Your instructions
Pictures aside, quote the whole listing exactly.

Exercise inputs

###

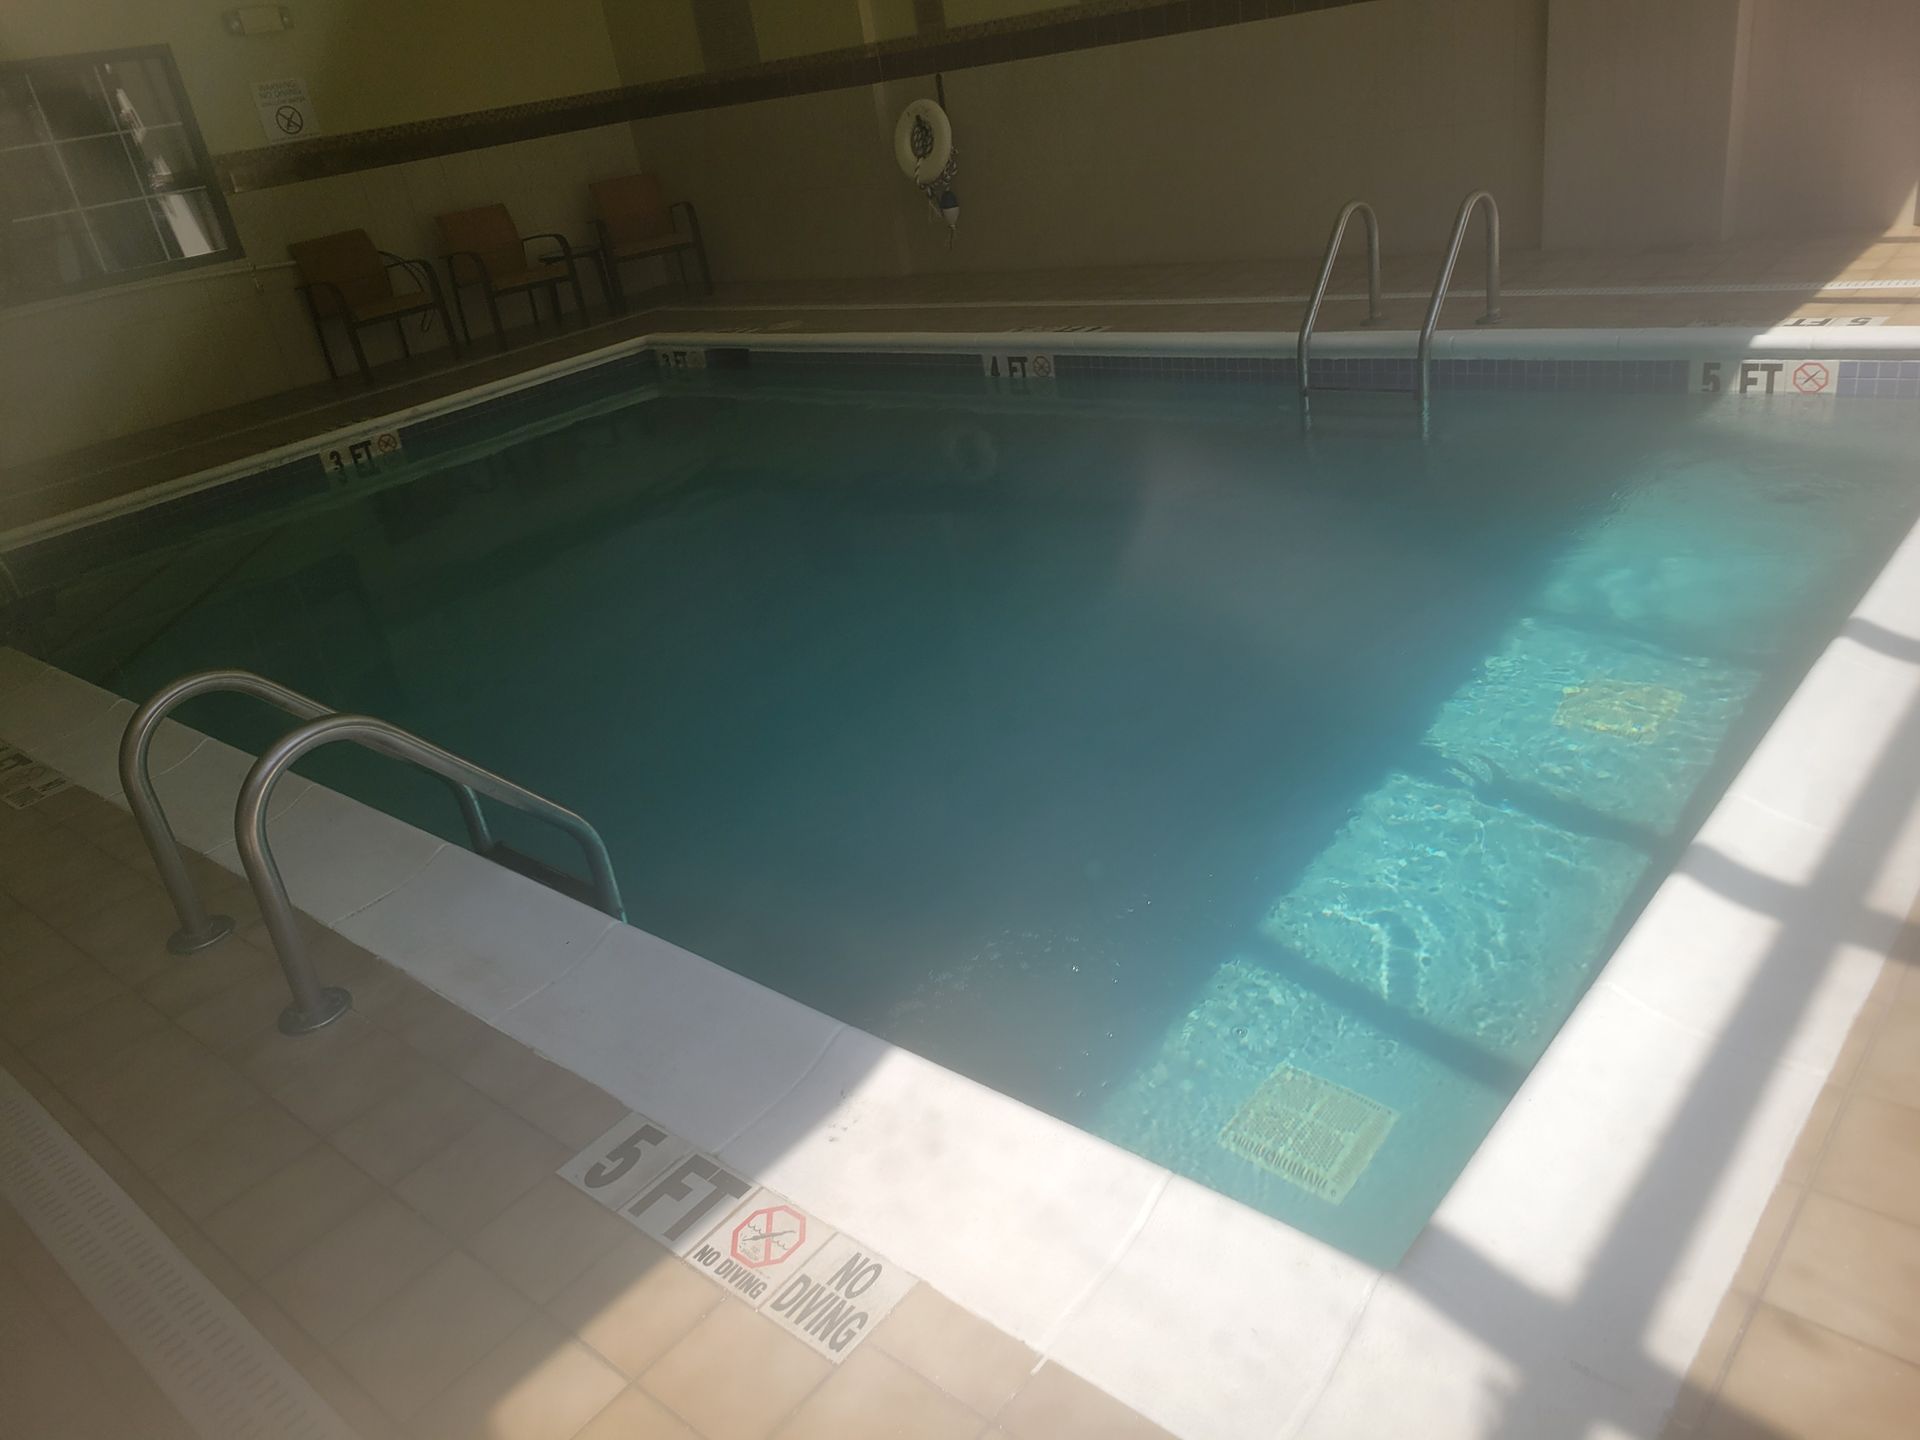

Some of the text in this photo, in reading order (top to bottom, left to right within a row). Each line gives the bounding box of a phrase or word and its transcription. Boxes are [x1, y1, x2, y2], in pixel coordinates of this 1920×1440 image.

[1006, 356, 1028, 378] FT
[1702, 362, 1784, 394] 5 FT
[329, 440, 372, 472] 3 FT
[584, 1124, 753, 1242] 5 FT
[693, 1244, 768, 1301] NO DIVING
[826, 1251, 883, 1300] NO
[770, 1274, 869, 1354] DIVING

###

Output of the exercise
Some of the text in this photo, in reading order (top to bottom, left to right within a row). Each line gives the bounding box of a phrase or word and its transcription. Boxes are [x1, y1, x2, y2], in pixel coordinates of this 1920×1440 image.

[1006, 356, 1028, 378] FT
[1702, 362, 1784, 394] 5 FT
[329, 440, 372, 472] 3 FT
[584, 1124, 753, 1242] 5 FT
[693, 1244, 768, 1301] NO DIVING
[826, 1251, 883, 1300] NO
[770, 1274, 869, 1354] DIVING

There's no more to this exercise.